The Los Angeles Times reported that the governor's version got a lukewarm reaction from Democrats in the Legislature and from patient and consumer advocates.
In other California legislative developments, a hate-crimes bill, sponsored by Assemblyman Wally Knox, cleared the Senate Public Safety Committee on a 4-0 vote. It would make the punishment for killing someone because of their gender, sexual orientation or because they were disabled would be life in prison without the possibility of parole. Currently the penalty is 25 years to life.
A bill that would have required drivers 75 and older to take vision, written and behind-the-wheel tests when they try to renew their licenses was amended by the Assembly Transportation Committee to remove any reference of age. Instead it would require the Department of Motor Vehicles to adopt testing regulations by next May to protect the public from at-risk drivers -- those with a "higher-than-average propensity" for causing or being involved in traffic collisions.
A bill headed to Gray's desk after being approved by the Senate requires that sex education textbooks and materials used in California public schools be medically accurate and free from bias. The bills sponsor, Assemblyman Jim Cunneen, says that some districts have been using materials relating to AIDS that is not medically correct and includes racial and gender biases.
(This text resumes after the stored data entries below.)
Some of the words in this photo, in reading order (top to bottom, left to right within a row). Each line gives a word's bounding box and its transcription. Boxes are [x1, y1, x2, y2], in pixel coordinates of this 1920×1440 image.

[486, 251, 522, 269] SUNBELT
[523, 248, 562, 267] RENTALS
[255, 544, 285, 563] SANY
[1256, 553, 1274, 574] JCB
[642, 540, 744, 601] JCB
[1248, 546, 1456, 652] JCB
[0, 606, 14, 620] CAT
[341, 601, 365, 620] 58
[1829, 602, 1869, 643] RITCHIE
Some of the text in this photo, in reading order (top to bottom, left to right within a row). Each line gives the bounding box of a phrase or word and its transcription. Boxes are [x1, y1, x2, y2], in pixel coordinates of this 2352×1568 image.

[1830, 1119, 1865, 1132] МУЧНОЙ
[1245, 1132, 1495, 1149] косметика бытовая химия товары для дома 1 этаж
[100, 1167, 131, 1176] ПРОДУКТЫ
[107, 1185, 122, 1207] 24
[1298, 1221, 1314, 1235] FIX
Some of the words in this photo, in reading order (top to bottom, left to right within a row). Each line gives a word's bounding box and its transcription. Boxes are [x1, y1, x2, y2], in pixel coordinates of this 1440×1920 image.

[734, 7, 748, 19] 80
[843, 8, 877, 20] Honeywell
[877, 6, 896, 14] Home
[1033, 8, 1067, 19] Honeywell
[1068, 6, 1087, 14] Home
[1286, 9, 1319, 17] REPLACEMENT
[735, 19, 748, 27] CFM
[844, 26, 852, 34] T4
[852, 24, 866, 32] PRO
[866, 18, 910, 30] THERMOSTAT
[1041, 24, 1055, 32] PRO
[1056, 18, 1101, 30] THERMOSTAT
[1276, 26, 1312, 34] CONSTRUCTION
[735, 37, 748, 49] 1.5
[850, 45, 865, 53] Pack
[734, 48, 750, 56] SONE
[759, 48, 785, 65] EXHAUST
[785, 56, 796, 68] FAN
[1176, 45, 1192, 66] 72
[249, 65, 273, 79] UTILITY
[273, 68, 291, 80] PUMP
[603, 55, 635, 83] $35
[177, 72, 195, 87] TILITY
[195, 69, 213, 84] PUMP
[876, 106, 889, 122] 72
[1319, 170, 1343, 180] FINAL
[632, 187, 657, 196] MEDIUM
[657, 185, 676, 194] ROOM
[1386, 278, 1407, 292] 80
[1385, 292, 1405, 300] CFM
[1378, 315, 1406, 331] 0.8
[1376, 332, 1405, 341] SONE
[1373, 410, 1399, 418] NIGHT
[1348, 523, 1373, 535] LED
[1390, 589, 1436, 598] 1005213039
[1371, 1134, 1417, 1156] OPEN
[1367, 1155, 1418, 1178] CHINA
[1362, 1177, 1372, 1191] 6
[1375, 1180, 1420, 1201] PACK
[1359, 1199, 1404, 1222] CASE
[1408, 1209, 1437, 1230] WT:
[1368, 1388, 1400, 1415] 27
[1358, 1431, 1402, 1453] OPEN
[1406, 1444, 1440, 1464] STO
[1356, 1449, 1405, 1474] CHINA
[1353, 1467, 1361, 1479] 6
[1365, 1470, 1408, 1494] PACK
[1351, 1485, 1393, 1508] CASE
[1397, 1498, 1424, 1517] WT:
West Virginia legislators didn't waste any time getting down to business Tuesday evening during a second special session called by Gov. Cecil Underwood. The session addressed five supplemental appropriations, which were merged into a single bill.
During the brief 80-minute session in Charleston, lawmakers decided that $2 million would amount to a drop in the bucket for drought relief, and instead voted to free up as much as $11 million to help farmers and communities hard hit by this summer's severe drought conditions, reported Phil Kabler of the Charleston Gazette.
The Legislature agreed by a vote of 94-0 in the House, and 31-0 in the Senate, to transfer $14.55 million of 1998-99 budget surplus into the governor's civil contingency fund.
The bill says that $2 million is to be used to match $5 million in federal funds for low-interest loans for drought-relief projects. Another $3 million will go to buy hay and feedstock for livestock, and to overset the costs to the National Guard and state Department of Transportation for bringing those supplies to farmers around the state.
Another $3.75 million is allocated for other projects, including $1 million for the Public Employees Insurance Agency to help underwrite the costs of a new co-payment program; about $2 million towards the construction of the National Guard Regional Training Institute; $500,000 for the Guaranteed Work Force job-training program; and $250,000 for new water intake lines at a water treatment plant.
Also Tuesday, the West Virginia state Senate confirmed without debate 42 gubernatorial appointments.